The question is based on an intuition that antibiotic resistance can't come along. This mutation will probably make bacteria less tenacious. Is there any research how AR bacteria compete with normal one in an antibiotic free environment? Because if them generally lose to normal bacteria then AR bacteria is not a big threat and they can't spread to much.
The antibiotic resistance adds to growth cost. In an antibiotic free medium the antibiotic-susceptible strains will outgrow the resistant ones. See this
In general, antibiotic resistant strains may be a little less fit than sensitive strains in the absence of the antibiotic. But that doesn't mean they are at all times and places instantly competed out of existence. Once you apply the antibiotic, the resistant organisms grow from resistant organisms that were in the population to start with.
Ad of course once you have a large number of resistant organisms in the population, selection might encourage the increase in organisms bearing compensatory mutations, such that the growth of those organisms is closer to the growth level of sensitive organisms.
Your premise is a little weird. Resistant organisms are out there. XDR tuberculosis, MSRA Staph...why would you assert that those can't be problems when empirically, they obviously are?

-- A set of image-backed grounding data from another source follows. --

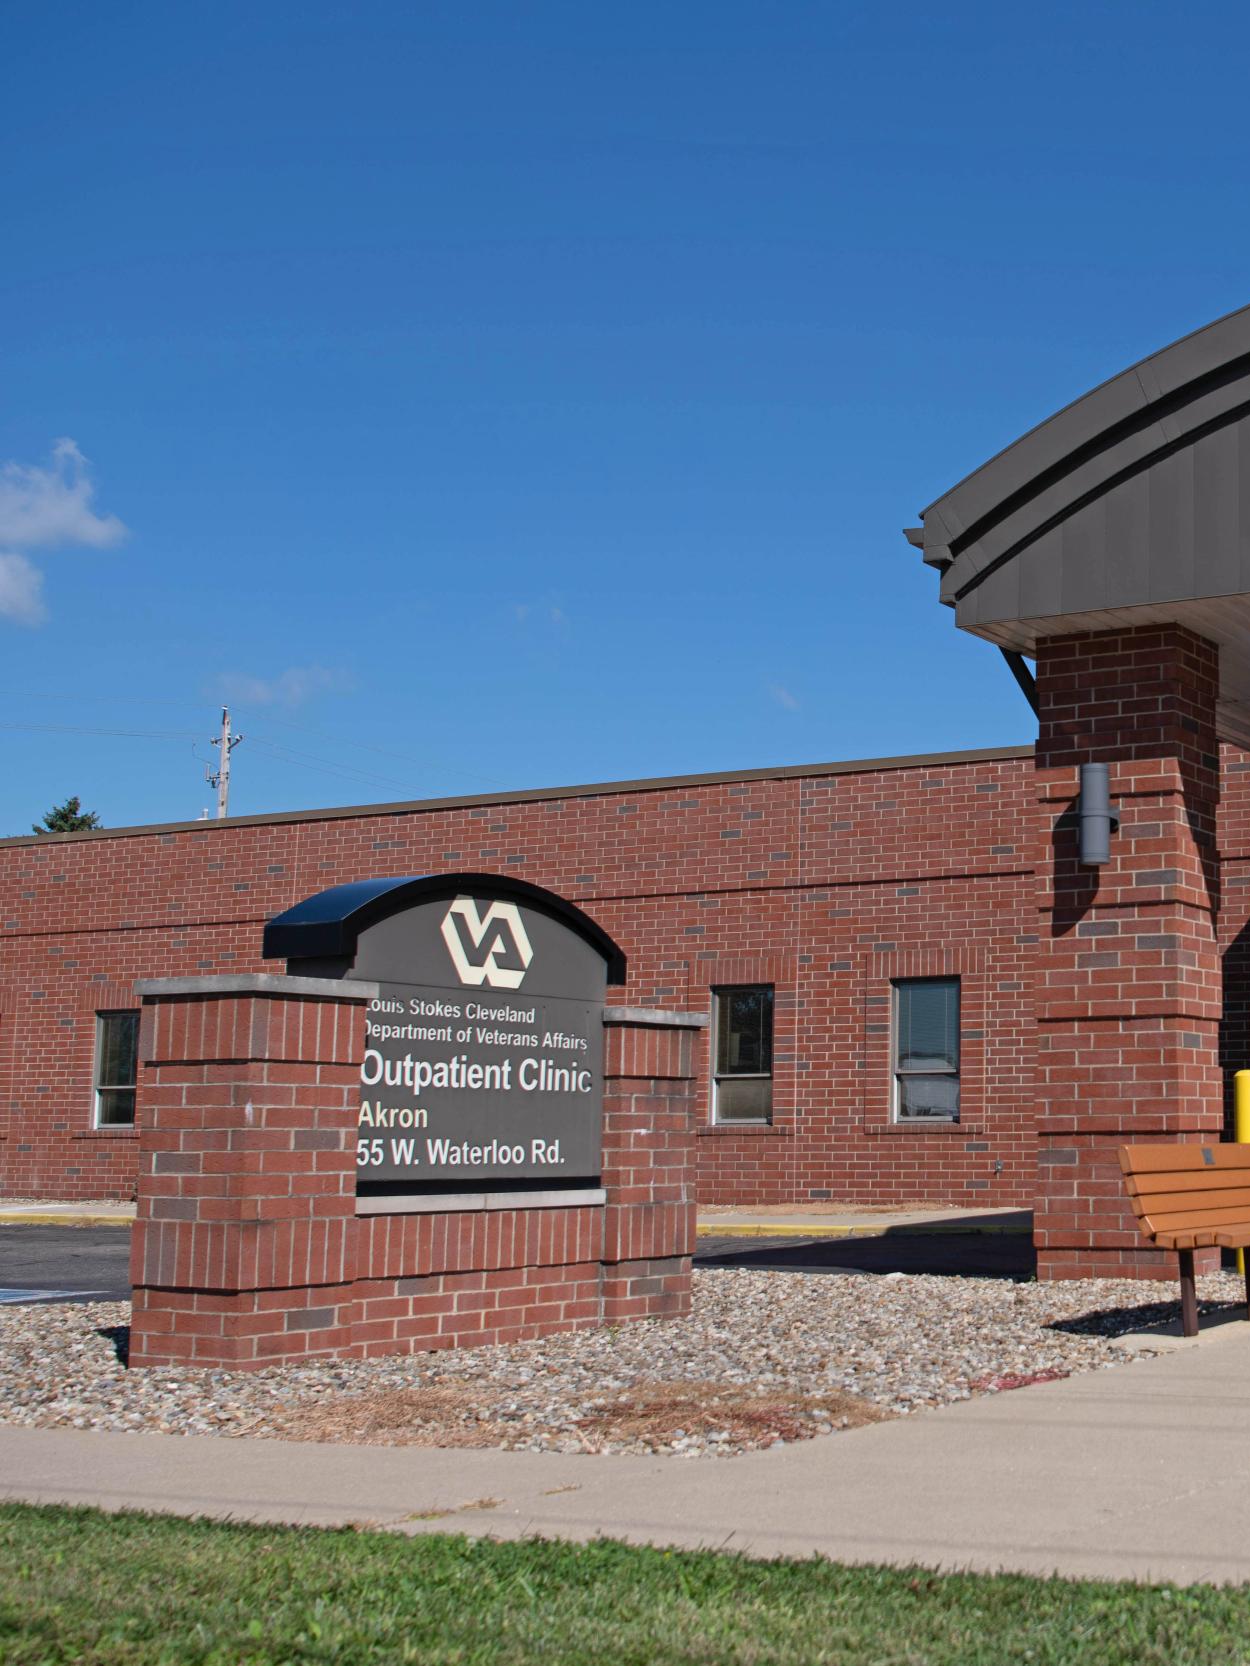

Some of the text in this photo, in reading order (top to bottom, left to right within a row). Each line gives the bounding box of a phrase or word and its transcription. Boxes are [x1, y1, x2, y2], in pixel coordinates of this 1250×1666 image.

[366, 998, 535, 1024] ouis Stokes Cleveland
[456, 1026, 472, 1043] of
[476, 1027, 538, 1047] Veterans
[542, 1031, 588, 1050] Affairs
[360, 1049, 592, 1095] Outpatient Clinic
[358, 1100, 428, 1128] Akron
[356, 1138, 565, 1166] 55 W. Waterloo Rd.
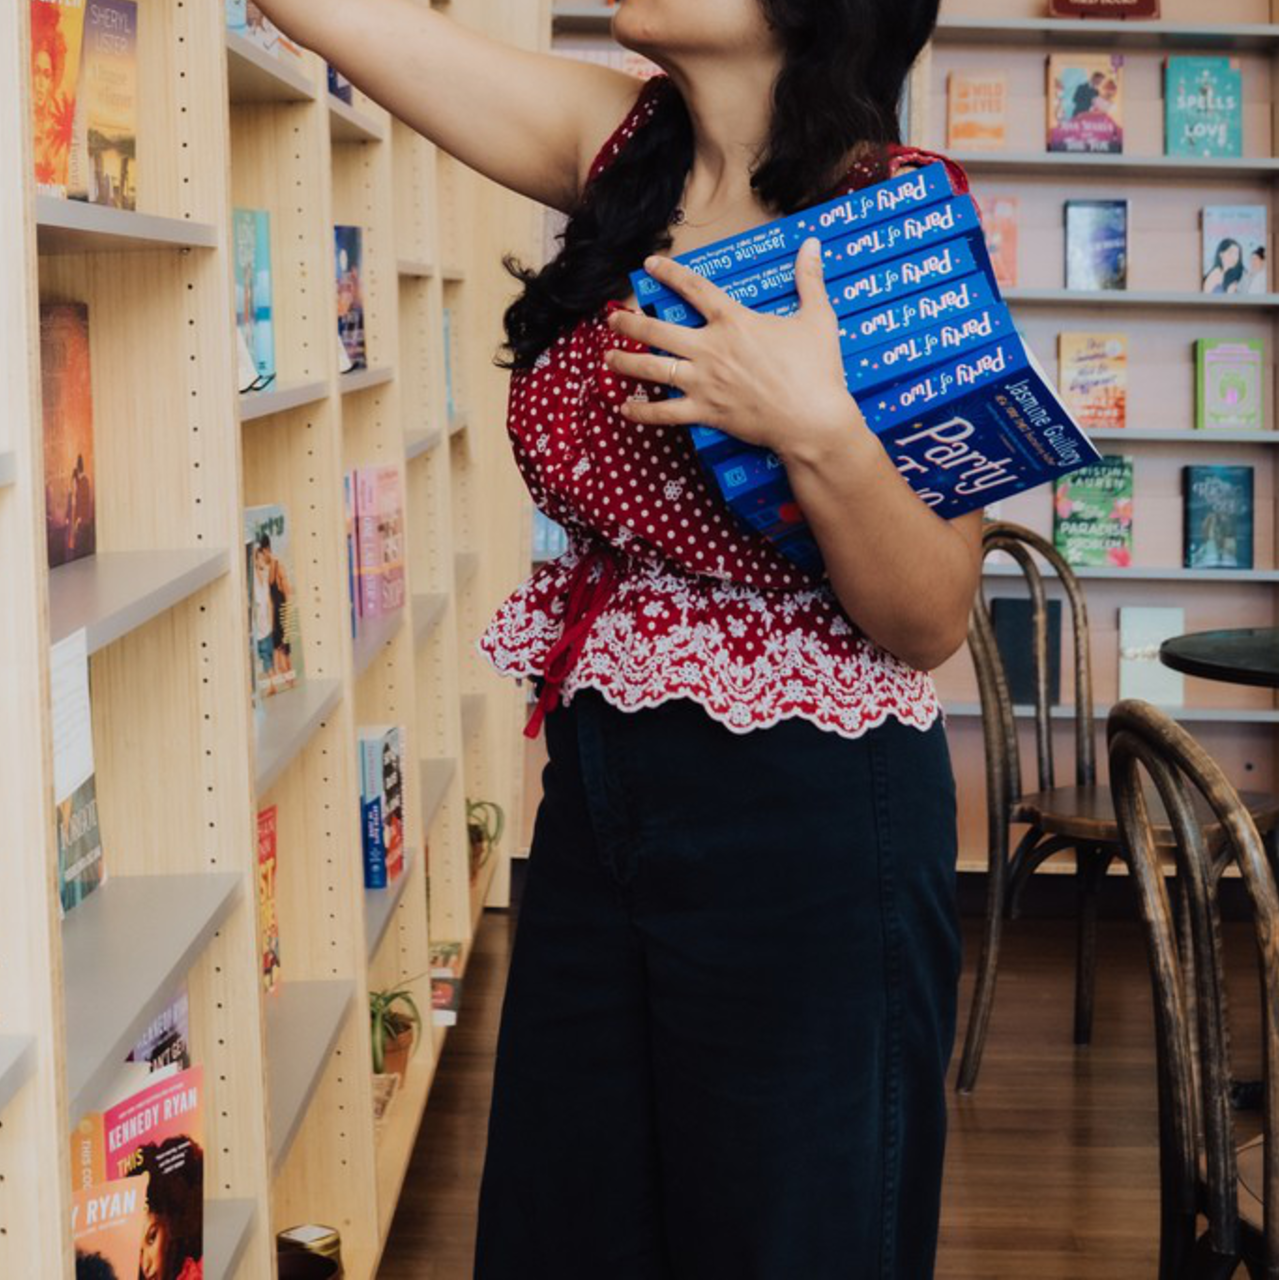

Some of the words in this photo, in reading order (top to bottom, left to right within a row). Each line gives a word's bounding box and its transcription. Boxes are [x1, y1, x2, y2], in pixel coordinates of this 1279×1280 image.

[90, 3, 131, 34] SHERYL
[1177, 95, 1236, 110] SPELLS
[877, 174, 927, 211] Party
[820, 201, 859, 228] Two
[860, 196, 874, 219] of
[904, 204, 955, 240] Party
[735, 233, 786, 261] Jasmine
[846, 230, 886, 257] Two
[887, 225, 901, 248] of
[884, 269, 899, 292] of
[901, 248, 953, 285] Party
[843, 274, 883, 301] Two
[919, 283, 970, 320] Party
[860, 309, 901, 336] Two
[902, 304, 916, 328] of
[940, 311, 993, 349] Party
[882, 338, 923, 366] Two
[924, 333, 939, 357] of
[955, 346, 1007, 386] Party
[899, 378, 939, 407] Two
[939, 372, 954, 396] of
[1005, 379, 1051, 428] Jasmine
[1042, 424, 1084, 468] Guillory
[895, 416, 1020, 496] Party
[1060, 521, 1130, 536] PARADISE
[107, 1106, 160, 1152] KENNEDY
[164, 1087, 198, 1123] RYAN
[116, 1147, 145, 1178] THIS
[85, 1188, 138, 1226] RYAN
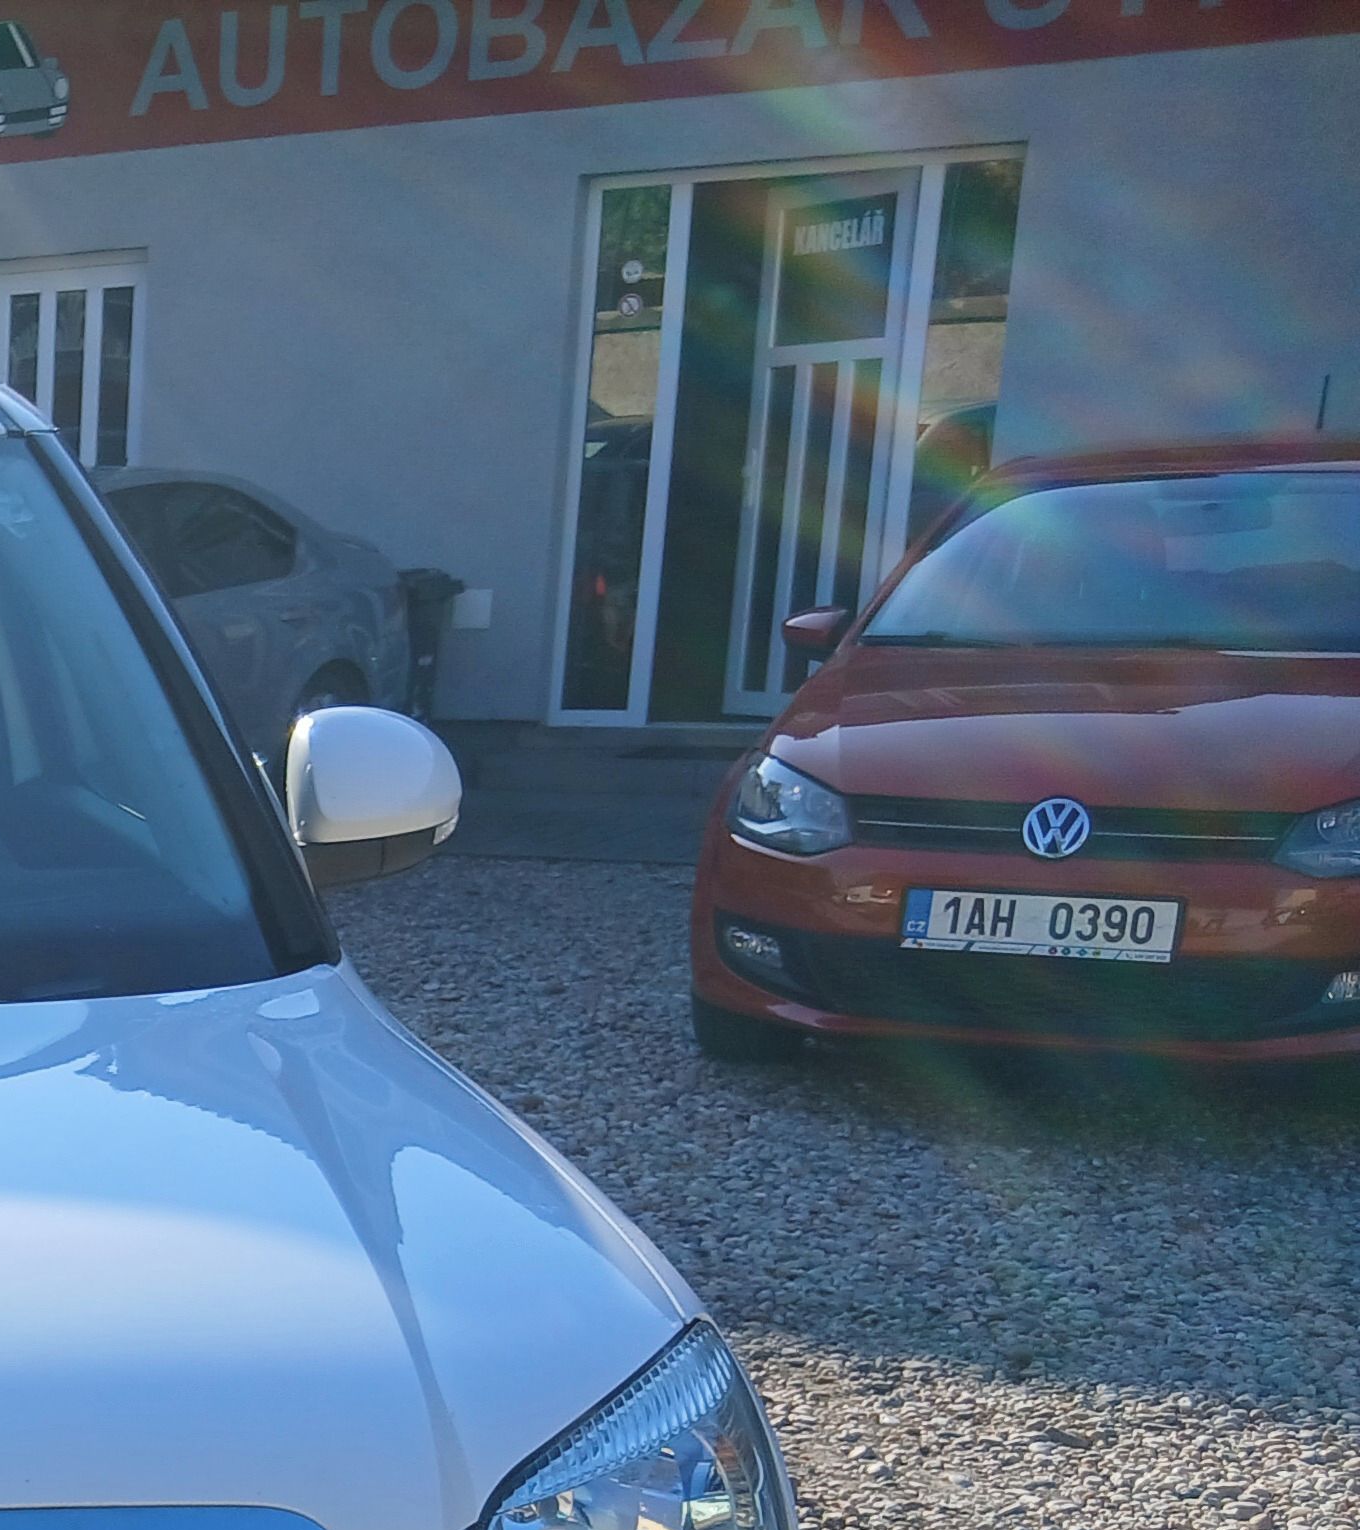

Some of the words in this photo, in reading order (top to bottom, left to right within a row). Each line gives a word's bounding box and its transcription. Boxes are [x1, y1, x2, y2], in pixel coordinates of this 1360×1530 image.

In short, yes. Perhaps the best way of thinking about antibiotic resistance is not to think of there being 'antibiotic resistance' genes at all, but rather ordinary alleles that are vertically transferred in the typical fashion until at a certain time a deleterious chemical agent is introduced and one specific allele just happens to mitigate the effects of that chemical. It is less a matter of competition than it is of blind chance. Now of course, in principle, the lucky genetic element that will ensure survival may come with an increased energy cost as opposed to the 'wild-type' genome expression, but considering the general mechanisms of antibiotic resistance, one or two extra gene products, maybe a slightly less active enzyme, an extra membrane transporter, the cost is typically not excessive. In culture, antibiotic-resistant bacterial strains grow essentially as fast as non-resistant strains.
Now concerning the retaining of the resistance after removal of the antibiotic, if the gene is integrated into the genome with the proper regulatory apparatus, it can remain in the species essentially forever. In the case of plasmids or other mobile genetic elements, bacteria do tend to lose these through random processes between divisions, however, many of these elements do have mechanisms to preserve (plasmid addiction) and propagate themselves (horizontal gene transfer).
The most important thing to remember about resistance, however, is that only an infinitesimally small proportion of the population actually needs the resistance genetic element to actually start a new resistant population upon antibiotic introduction.